To be honest, bumping into a near-stranger you have a crush on when you're at a convent isn't a sign that you must be called to marriage, and if he hadn't been there, I think the anxious part of you would have found other 'signs' to latch onto - X happened, so this must mean you have to be a nun; Y happened, so you need to go out and find a husband. God doesn't micro-manage our lives like this. I think this can be hard for us to accept, especially when we feel lonely, because all the uncertainty makes us feel lonelier still. But the only way to find comfort and peace is to learn to trust God in uncertainty and darkness, rather than hunting for signs and trying to draw up a specific plan of what to do with ourselves.

You want to be loved. That is a very natural and human thing. God asks us to trust him that we are loved. Whatever vocation we might follow, it's secondary to that trust.

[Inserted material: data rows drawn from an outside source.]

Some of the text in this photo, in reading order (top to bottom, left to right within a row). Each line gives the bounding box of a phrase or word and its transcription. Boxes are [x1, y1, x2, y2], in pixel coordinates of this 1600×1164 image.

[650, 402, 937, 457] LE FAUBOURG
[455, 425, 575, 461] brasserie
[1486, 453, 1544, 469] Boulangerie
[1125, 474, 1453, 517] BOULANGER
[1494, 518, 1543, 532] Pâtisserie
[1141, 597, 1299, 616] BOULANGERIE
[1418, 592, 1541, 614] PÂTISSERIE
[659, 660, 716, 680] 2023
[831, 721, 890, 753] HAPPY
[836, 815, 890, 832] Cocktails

I can't emphasise that enough. If possible, be gentle with yourself, put aside the thoughts about what you might be called to, and just tell him, "Lord, I know you love me. Help me to love you." It's the simplest prayer and one that really helps when you're feeling lost and alone.

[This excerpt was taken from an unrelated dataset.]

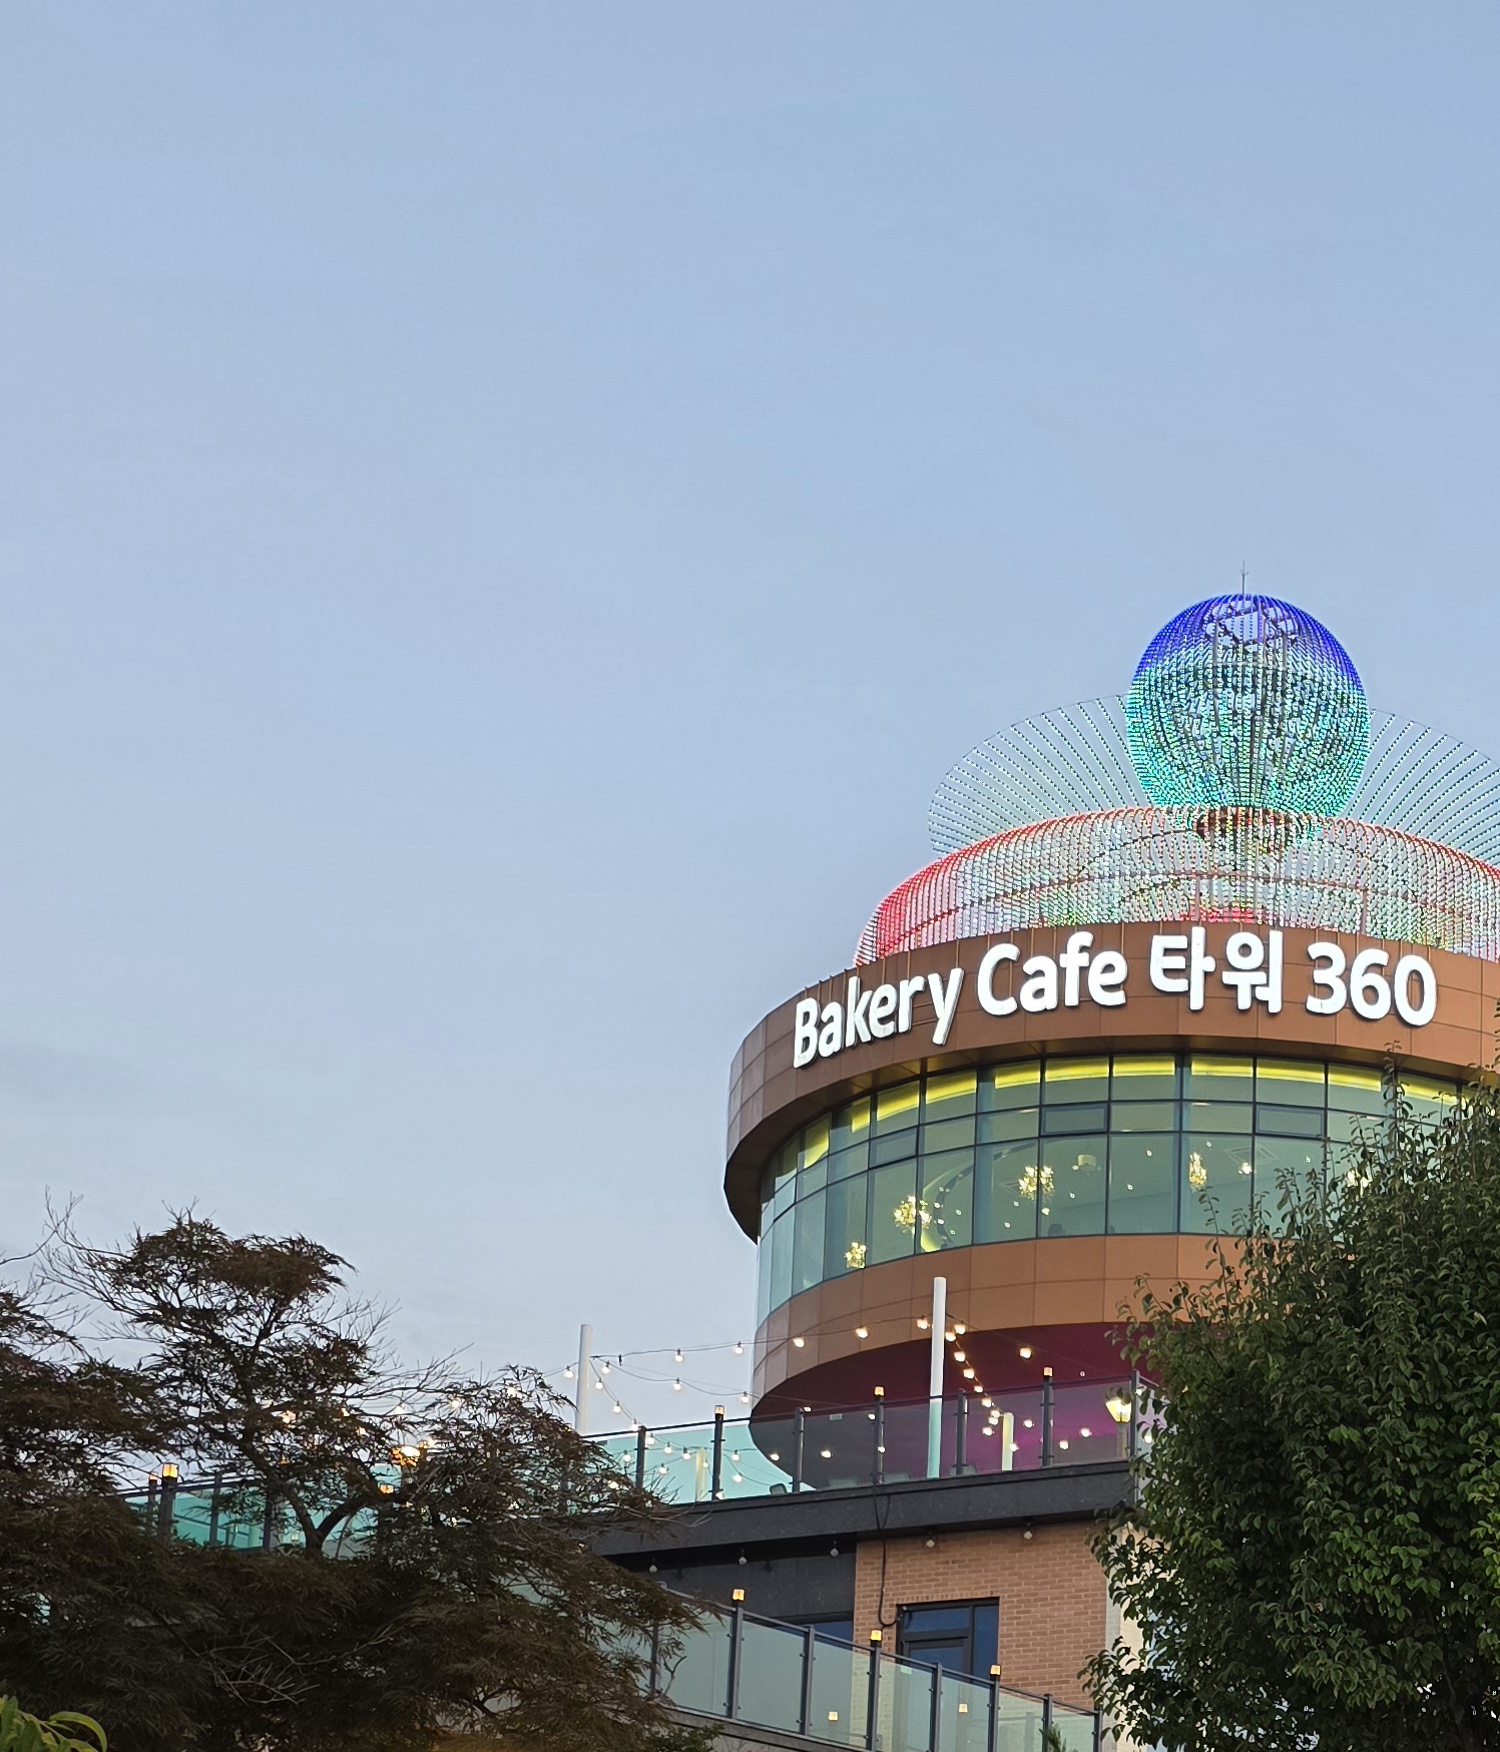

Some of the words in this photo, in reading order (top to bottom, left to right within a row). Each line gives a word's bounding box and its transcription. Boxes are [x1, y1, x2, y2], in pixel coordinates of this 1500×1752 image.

[793, 967, 965, 1069] Bakery
[977, 931, 1127, 1016] Cafe
[1149, 926, 1284, 1014] 타워
[1306, 942, 1437, 1027] 360

Loneliness and worry for the future are something I struggle with a lot. I often fall into the trap of thinking that my vocation has yet to begin, that when I finally do this thing or that thing I will be serving God and fulfilling my calling at last. But just quietly bearing my panic that I'm not doing the right thing can be a way of serving God, growing in love for God and neighbour - and this is all vocation is. We make it so unnecessarily hard for ourselves at times. You haven't failed at anything, and I pray that Jesus will help you to see that, and give you the comfort and encouragement you need.